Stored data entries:
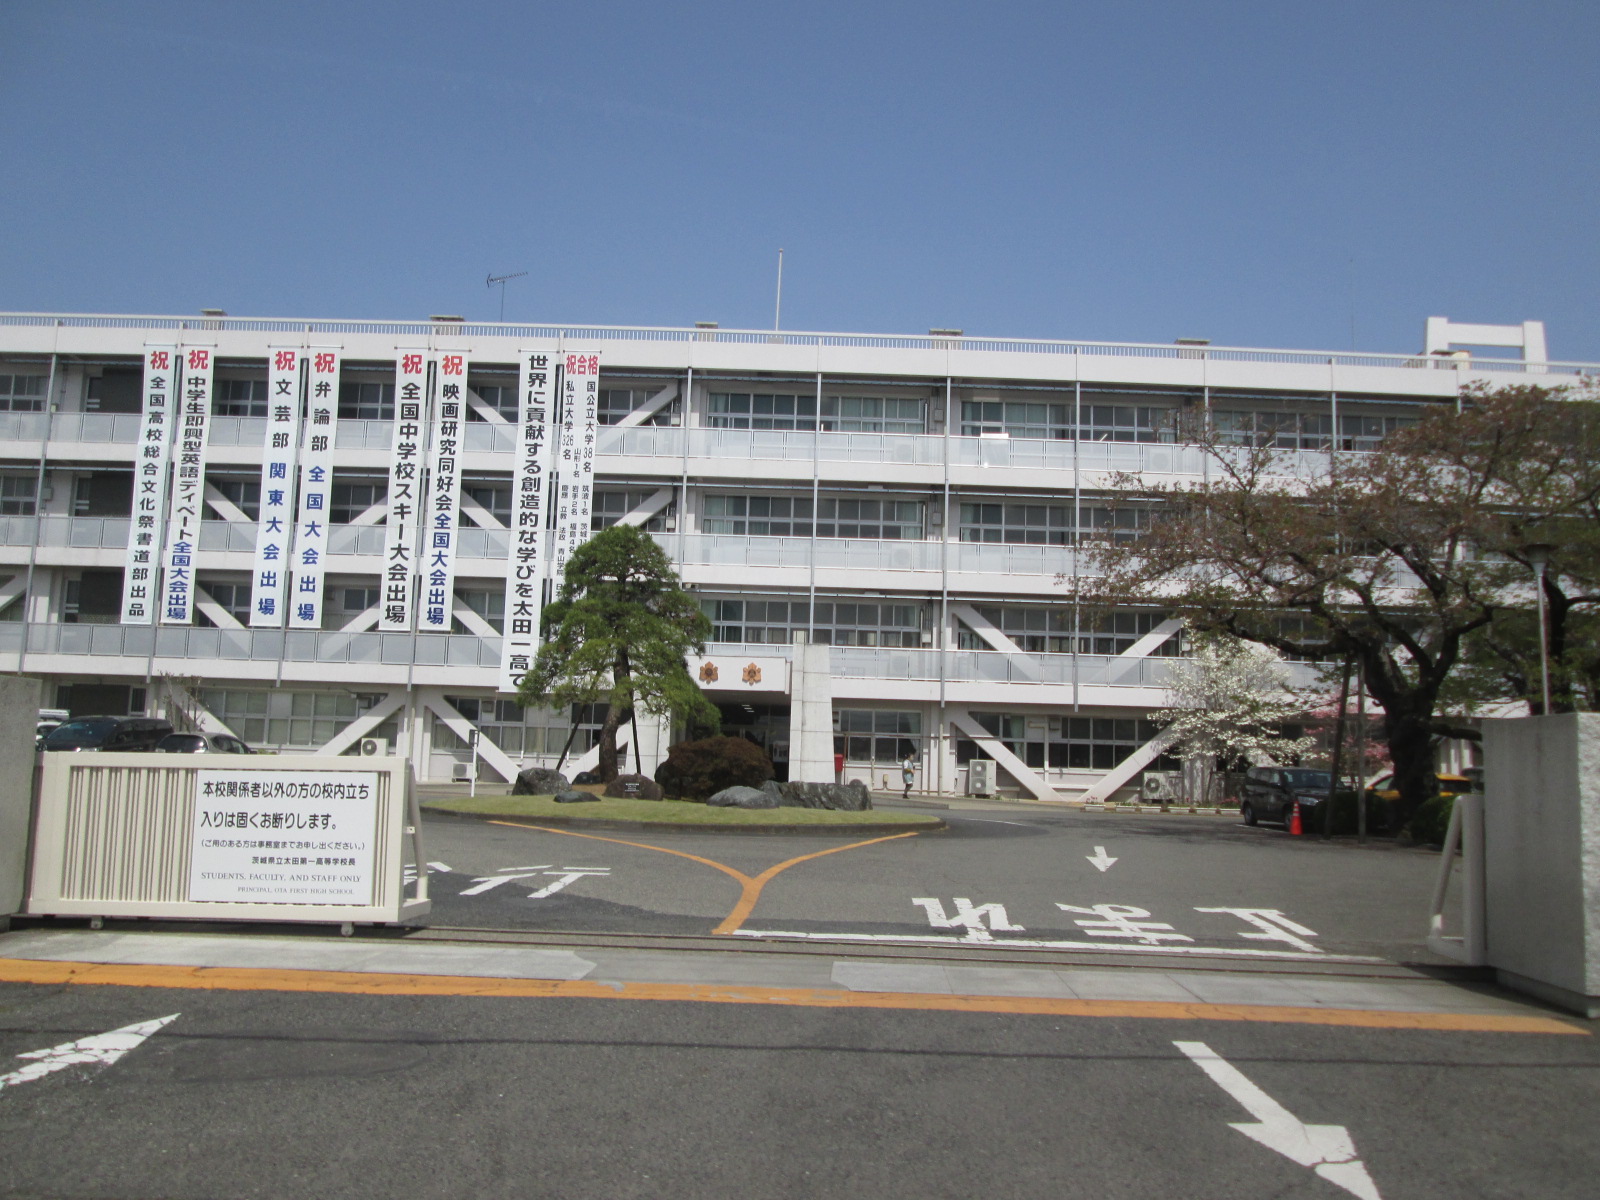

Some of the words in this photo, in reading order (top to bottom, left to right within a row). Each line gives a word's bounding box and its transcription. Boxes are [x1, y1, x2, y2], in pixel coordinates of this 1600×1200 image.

[566, 354, 599, 375] 祝合格
[202, 780, 369, 799] 本校関係者以外の方の校内立ち
[200, 811, 337, 830] 入りは固くお断りします。
[251, 856, 356, 866] 茨城県立太田第一高等学校長
[289, 874, 309, 882] AND
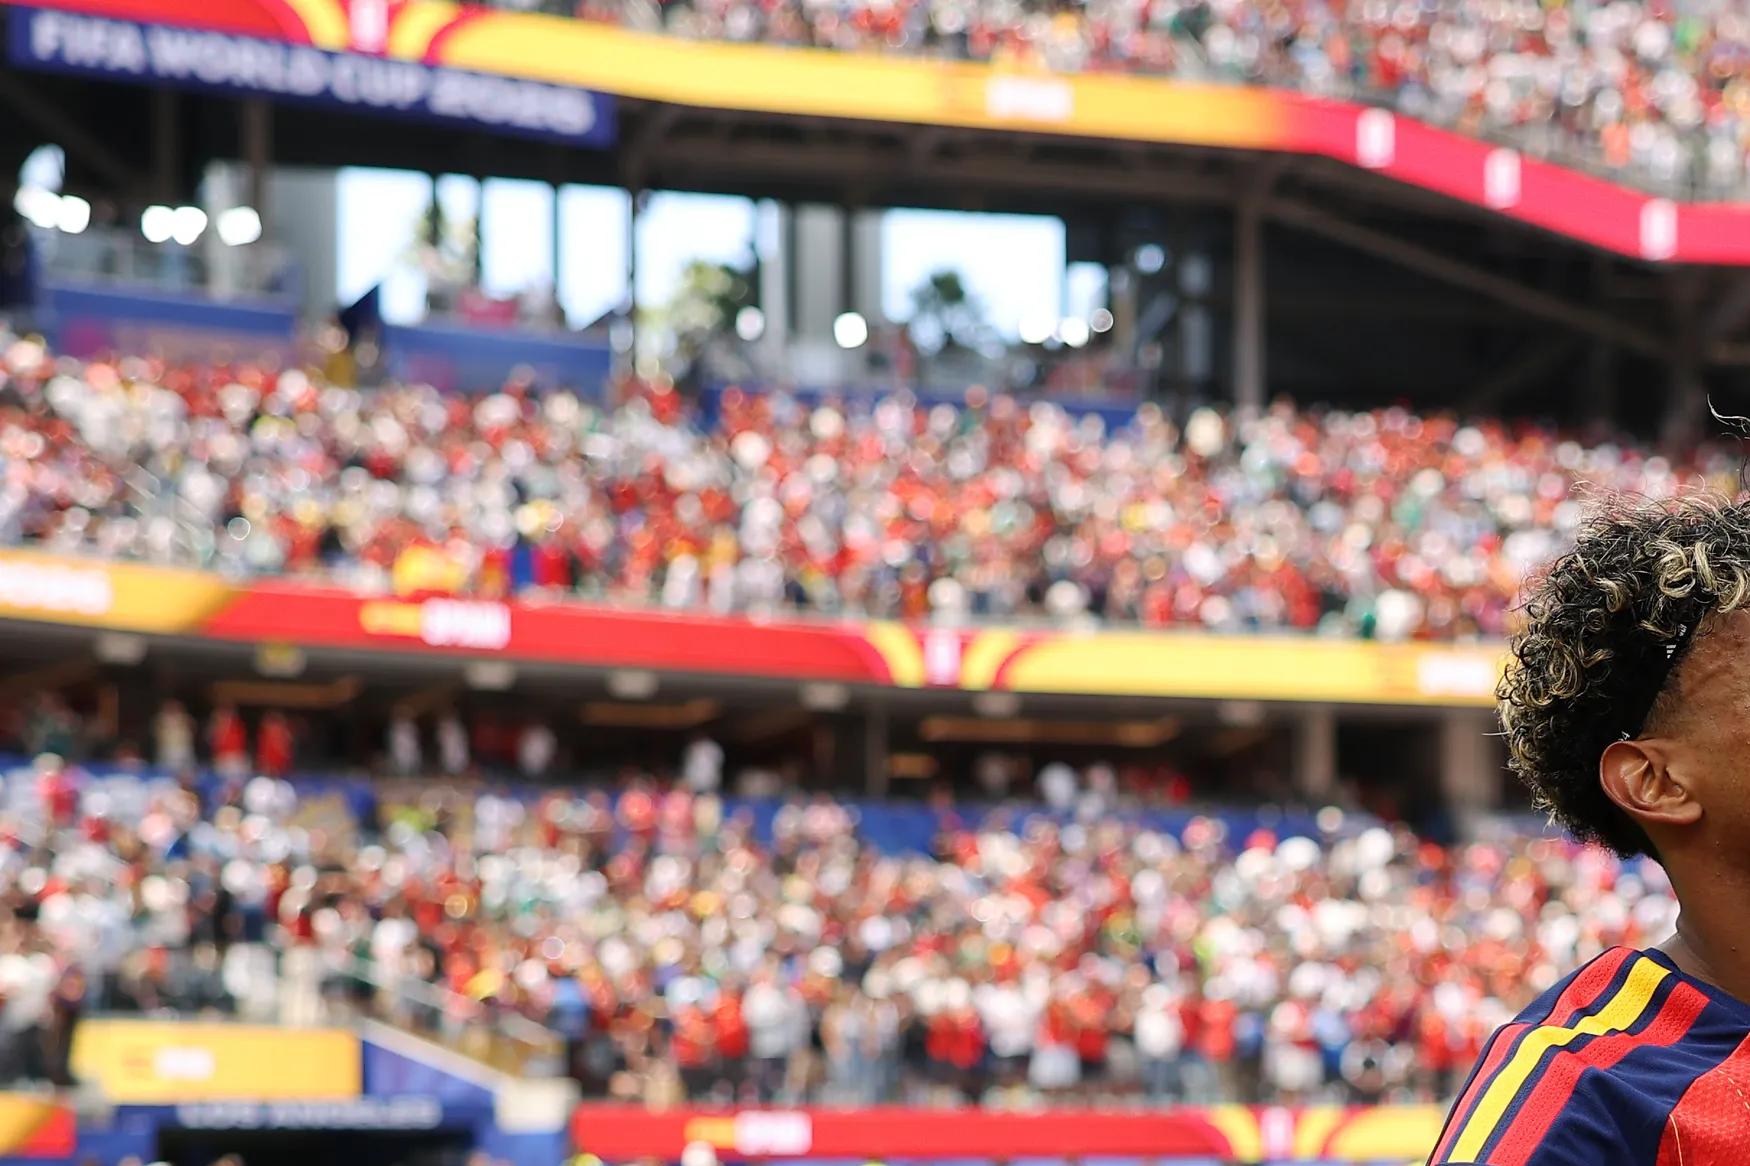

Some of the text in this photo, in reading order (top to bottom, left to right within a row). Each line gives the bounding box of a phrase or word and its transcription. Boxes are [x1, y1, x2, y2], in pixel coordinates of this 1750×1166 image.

[31, 10, 146, 73] FIFA
[149, 25, 328, 96] WORLD
[331, 54, 428, 109] CUP
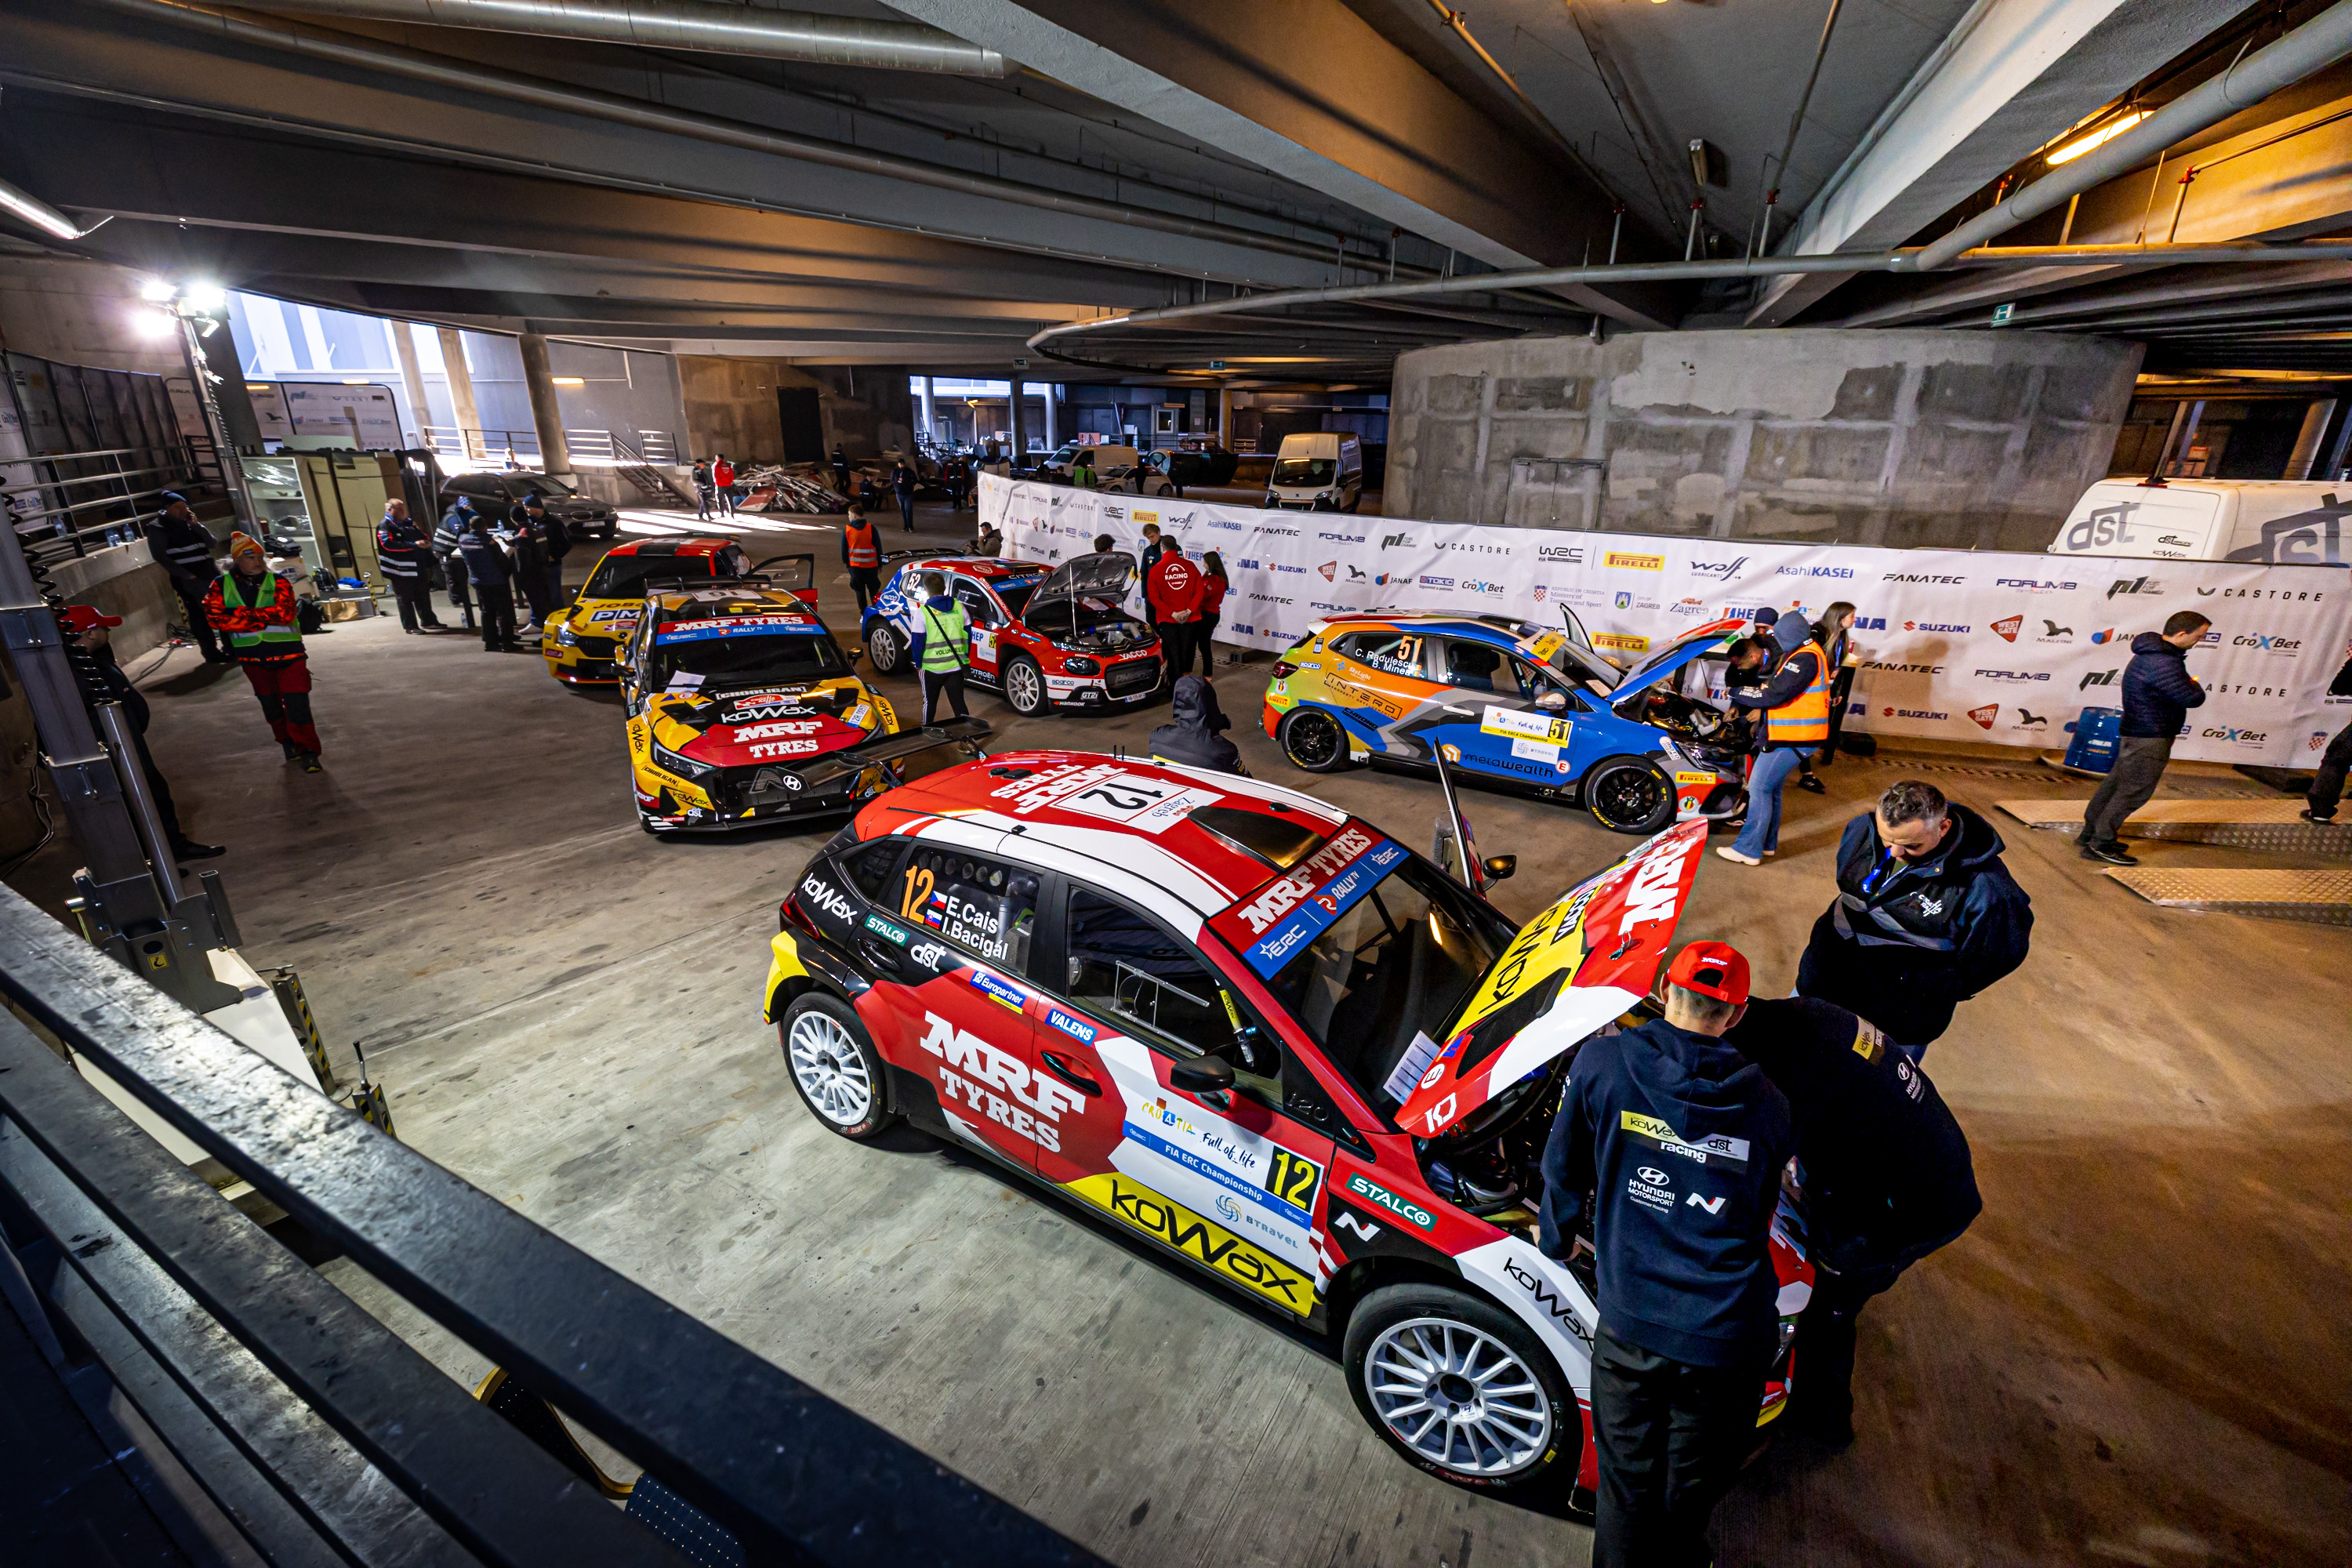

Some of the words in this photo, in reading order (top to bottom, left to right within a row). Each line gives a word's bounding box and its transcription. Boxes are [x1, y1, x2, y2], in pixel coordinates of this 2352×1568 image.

[1134, 510, 1156, 522] PIRELLI
[1207, 520, 1242, 531] AsahiKASEI
[1254, 527, 1301, 536] FANATEC
[2067, 502, 2141, 550] dst
[1319, 532, 1366, 543] FORUM8
[1451, 543, 1511, 555] CASTORE
[1539, 546, 1584, 557] WRC
[1236, 558, 1259, 570] INA
[1277, 564, 1307, 574] SUZUKI
[1608, 554, 1660, 569] PIRELLI
[1165, 572, 1188, 581] RACING
[1775, 565, 1854, 579] AsahiKASEI
[1882, 573, 1965, 584] FANATEC
[907, 573, 921, 591] 52
[1427, 577, 1454, 586] TOKIC
[1461, 579, 1504, 593] CroXBet
[1996, 579, 2078, 590] FORUM8
[1248, 593, 1294, 604] FANATEC
[1550, 591, 1574, 600] Ministry
[2224, 588, 2323, 601] CASTORE
[1736, 608, 1755, 619] HE
[673, 619, 736, 632] MRF
[739, 616, 804, 626] TYRES
[1232, 622, 1254, 635] INA
[1854, 617, 1886, 630] NA
[1918, 623, 1970, 633] SUZUKI
[1398, 635, 1423, 660] 51
[1595, 635, 1644, 650] PIRELLI
[2233, 632, 2302, 650] CroXBet
[935, 647, 964, 655] VOLUNEER
[1120, 649, 1147, 661] YACCO
[1356, 648, 1364, 657] C.
[1348, 666, 1371, 681] SkyLight
[1372, 661, 1380, 670] B.
[1382, 662, 1411, 677] Minea
[1862, 661, 1944, 674] FANATEC
[1975, 670, 2051, 681] FORUM8
[1330, 677, 1396, 714] INTERO
[2205, 682, 2287, 697] ASTORE
[1343, 706, 1379, 729] CHRONO
[1897, 709, 1948, 720] SUZUKI
[734, 721, 822, 743] MRF
[1519, 732, 1548, 743] Championship
[1549, 720, 1571, 741] 51
[2201, 725, 2267, 742] CroXBet
[750, 740, 818, 758] TYRES
[990, 764, 1086, 798] TYRES
[1679, 773, 1713, 782] PIRELLI
[1013, 763, 1128, 815] MRF
[1080, 782, 1164, 811] 12
[1152, 797, 1196, 818] Zagreb
[1237, 864, 1316, 935] MRF
[1308, 828, 1372, 877] TYRES
[1331, 877, 1357, 901] RALLY
[1617, 836, 1699, 936] MRF
[901, 865, 935, 924] 12
[946, 895, 998, 935] E.Cais
[1555, 888, 1596, 942] YACCO
[866, 916, 906, 943] STALCO
[942, 916, 1009, 960] I.Bacigál
[910, 942, 946, 973] dst
[1701, 956, 1728, 966] MRF
[981, 977, 1024, 1004] Europartner
[1050, 1011, 1094, 1042] VALENS
[920, 1010, 1087, 1123] MRF
[939, 1066, 1062, 1153] TYRES
[1142, 1102, 1195, 1134] CROATIA
[1200, 1132, 1221, 1152] Full
[1239, 1151, 1256, 1170] life
[1660, 1142, 1708, 1163] racing
[1708, 1138, 1733, 1152] dst
[1165, 1145, 1179, 1160] FIA
[1181, 1152, 1199, 1168] ERC
[1201, 1163, 1263, 1202] Championship
[1272, 1152, 1316, 1210] 12
[1628, 1178, 1675, 1201] HYUNDAI
[1628, 1186, 1675, 1207] MOTORSPORT
[1351, 1177, 1431, 1225] STALCO
[1630, 1196, 1652, 1208] Customer
[1652, 1203, 1670, 1214] Racing

[EXERCISE INSTRUCTIONS]: Would you retype every record above exactly, leaving out the pictures?

[EXERCISE OUTPUT]:
Some of the words in this photo, in reading order (top to bottom, left to right within a row). Each line gives a word's bounding box and its transcription. Boxes are [x1, y1, x2, y2], in pixel coordinates of this 1600×1200 image.

[566, 354, 599, 375] 祝合格
[202, 780, 369, 799] 本校関係者以外の方の校内立ち
[200, 811, 337, 830] 入りは固くお断りします。
[251, 856, 356, 866] 茨城県立太田第一高等学校長
[289, 874, 309, 882] AND

Some of the text in this photo, in reading order (top to bottom, left to right within a row). Each line gives the bounding box of a phrase or word and its transcription. Boxes are [x1, y1, x2, y2], in pixel coordinates of this 1750×1166 image.

[31, 10, 146, 73] FIFA
[149, 25, 328, 96] WORLD
[331, 54, 428, 109] CUP

Some of the words in this photo, in reading order (top to bottom, left to right within a row). Each line gives a word's bounding box and its transcription. Boxes are [x1, y1, x2, y2], in pixel coordinates of this 2352×1568 image.

[1134, 510, 1156, 522] PIRELLI
[1207, 520, 1242, 531] AsahiKASEI
[1254, 527, 1301, 536] FANATEC
[2067, 502, 2141, 550] dst
[1319, 532, 1366, 543] FORUM8
[1451, 543, 1511, 555] CASTORE
[1539, 546, 1584, 557] WRC
[1236, 558, 1259, 570] INA
[1277, 564, 1307, 574] SUZUKI
[1608, 554, 1660, 569] PIRELLI
[1165, 572, 1188, 581] RACING
[1775, 565, 1854, 579] AsahiKASEI
[1882, 573, 1965, 584] FANATEC
[907, 573, 921, 591] 52
[1427, 577, 1454, 586] TOKIC
[1461, 579, 1504, 593] CroXBet
[1996, 579, 2078, 590] FORUM8
[1248, 593, 1294, 604] FANATEC
[1550, 591, 1574, 600] Ministry
[2224, 588, 2323, 601] CASTORE
[1736, 608, 1755, 619] HE
[673, 619, 736, 632] MRF
[739, 616, 804, 626] TYRES
[1232, 622, 1254, 635] INA
[1854, 617, 1886, 630] NA
[1918, 623, 1970, 633] SUZUKI
[1398, 635, 1423, 660] 51
[1595, 635, 1644, 650] PIRELLI
[2233, 632, 2302, 650] CroXBet
[935, 647, 964, 655] VOLUNEER
[1120, 649, 1147, 661] YACCO
[1356, 648, 1364, 657] C.
[1348, 666, 1371, 681] SkyLight
[1372, 661, 1380, 670] B.
[1382, 662, 1411, 677] Minea
[1862, 661, 1944, 674] FANATEC
[1975, 670, 2051, 681] FORUM8
[1330, 677, 1396, 714] INTERO
[2205, 682, 2287, 697] ASTORE
[1343, 706, 1379, 729] CHRONO
[1897, 709, 1948, 720] SUZUKI
[734, 721, 822, 743] MRF
[1519, 732, 1548, 743] Championship
[1549, 720, 1571, 741] 51
[2201, 725, 2267, 742] CroXBet
[750, 740, 818, 758] TYRES
[990, 764, 1086, 798] TYRES
[1679, 773, 1713, 782] PIRELLI
[1013, 763, 1128, 815] MRF
[1080, 782, 1164, 811] 12
[1152, 797, 1196, 818] Zagreb
[1237, 864, 1316, 935] MRF
[1308, 828, 1372, 877] TYRES
[1331, 877, 1357, 901] RALLY
[1617, 836, 1699, 936] MRF
[901, 865, 935, 924] 12
[946, 895, 998, 935] E.Cais
[1555, 888, 1596, 942] YACCO
[866, 916, 906, 943] STALCO
[942, 916, 1009, 960] I.Bacigál
[910, 942, 946, 973] dst
[1701, 956, 1728, 966] MRF
[981, 977, 1024, 1004] Europartner
[1050, 1011, 1094, 1042] VALENS
[920, 1010, 1087, 1123] MRF
[939, 1066, 1062, 1153] TYRES
[1142, 1102, 1195, 1134] CROATIA
[1200, 1132, 1221, 1152] Full
[1239, 1151, 1256, 1170] life
[1660, 1142, 1708, 1163] racing
[1708, 1138, 1733, 1152] dst
[1165, 1145, 1179, 1160] FIA
[1181, 1152, 1199, 1168] ERC
[1201, 1163, 1263, 1202] Championship
[1272, 1152, 1316, 1210] 12
[1628, 1178, 1675, 1201] HYUNDAI
[1628, 1186, 1675, 1207] MOTORSPORT
[1351, 1177, 1431, 1225] STALCO
[1630, 1196, 1652, 1208] Customer
[1652, 1203, 1670, 1214] Racing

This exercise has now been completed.